Neonatal ventriculomegaly: Pathophysiology and management guided with cranial ultrasonography

Abstract Neonatal ventriculomegaly often, but not always, follows intraventricular haemorrhage in infants born preterm. Serial cranial ultrasonography (CUS) is a very useful tool to evaluate the mechanism behind ventricular dilatation, to differentiate several types of cerebrospinal fluid retention, and to guide treatment. This review examines neonatal ventriculomegaly and its definition, pathophysiology, treatment, and prognosis from the perspective of CUS assessment. It also outlines the consensus statements formulated by the EurUS.Brain group, which are based on rounds of expert opinions on neonatal ventriculomegaly management, detailing the need and timing of ventricular access device placement, in the context of posthaemorrhagic ventricular dilation. The pathophysiology of neonatal ventriculomegaly is more complex than previously considered. CUS is a valuable, non‐invasive tool to determine pathophysiology, intervention thresholds, and prognosis in neonates with ventriculomegaly. Given new insights into the existence of glymphatics and water circulation in the cerebrum, further research in that area may bring new treatment options.
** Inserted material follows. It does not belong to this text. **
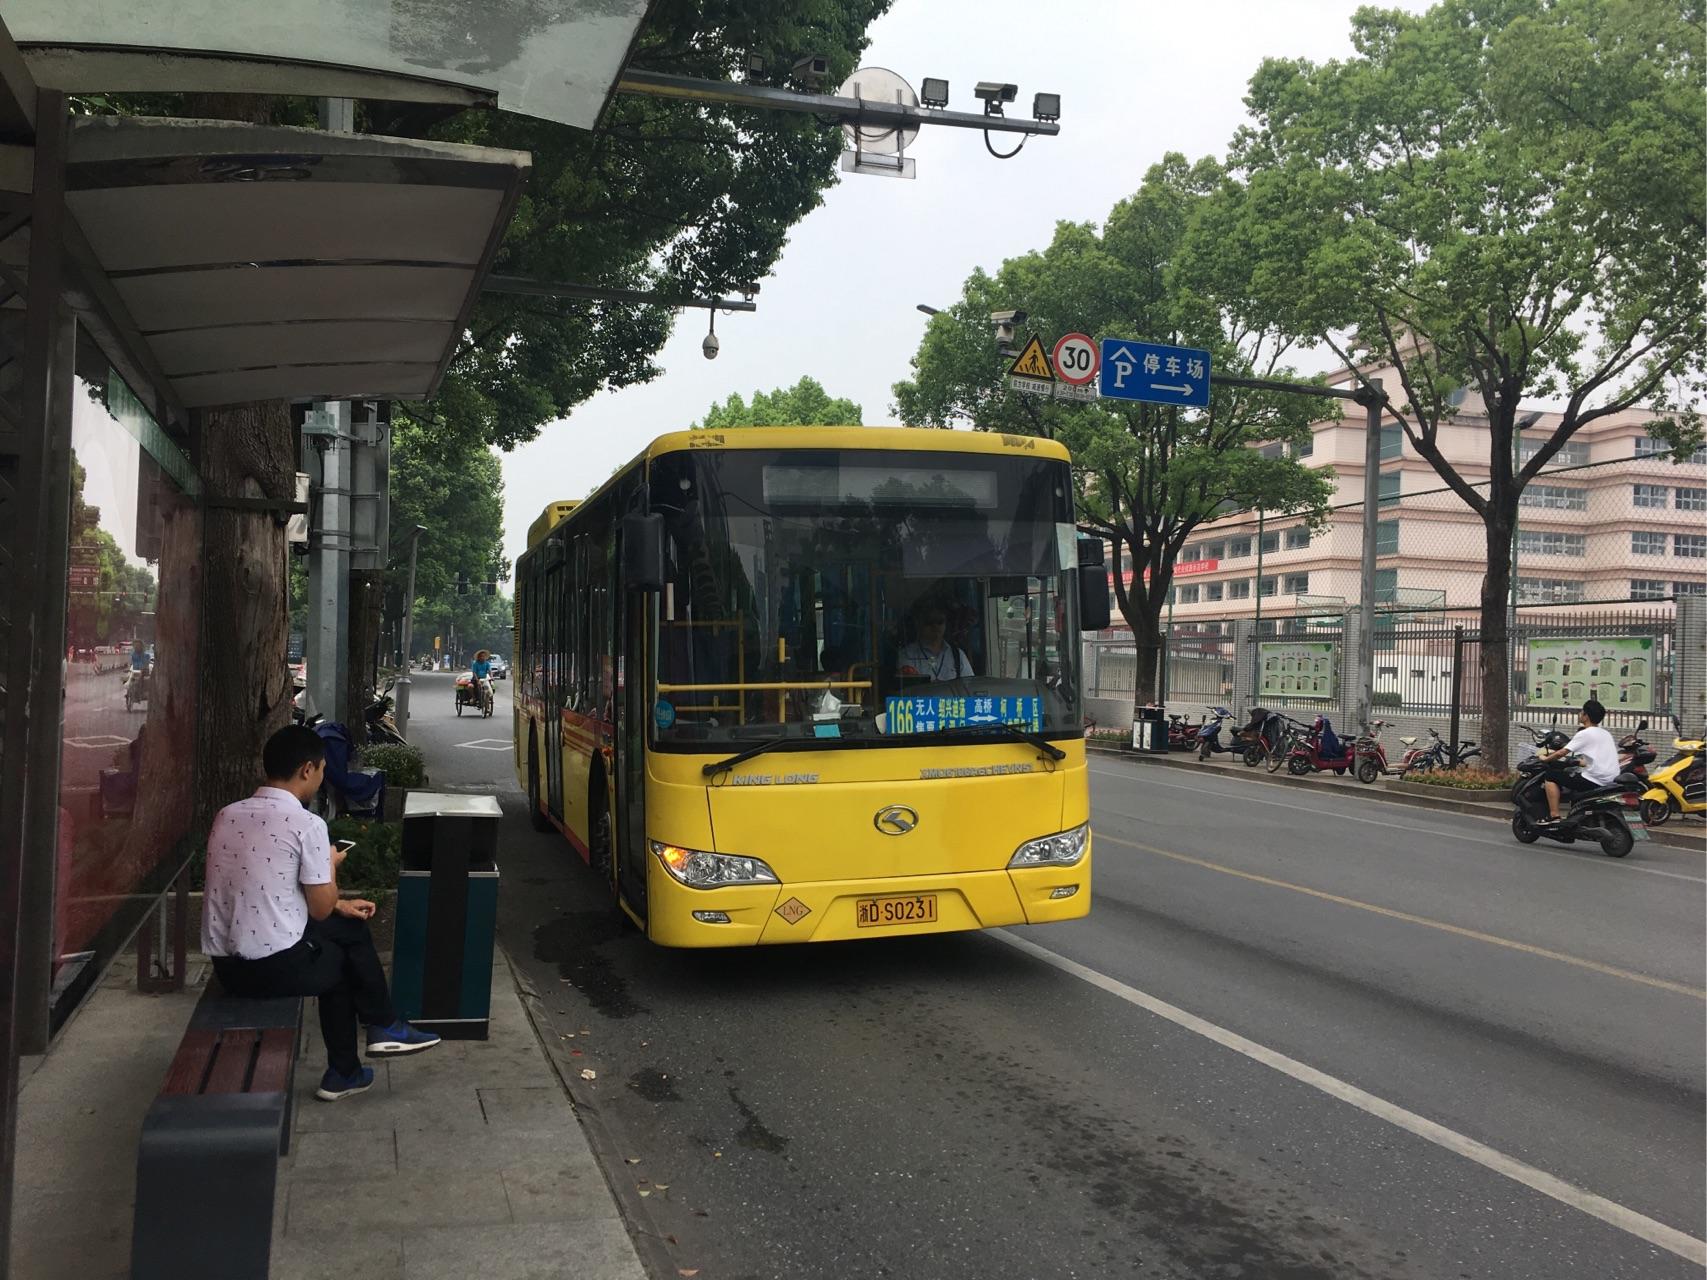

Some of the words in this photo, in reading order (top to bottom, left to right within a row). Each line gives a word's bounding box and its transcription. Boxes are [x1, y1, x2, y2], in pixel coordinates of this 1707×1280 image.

What this paper adds Cranial ultrasonography has a significant role in better understanding the complex pathophysiology of neonatal ventriculomegaly. The latest research suggests that treating posthaemorrhagic ventricular dilation in its early stages has several advantages. Proper definition, management, and a follow‐up plan are essential because they can impact the infant and their family, health care providers, educational systems, and society.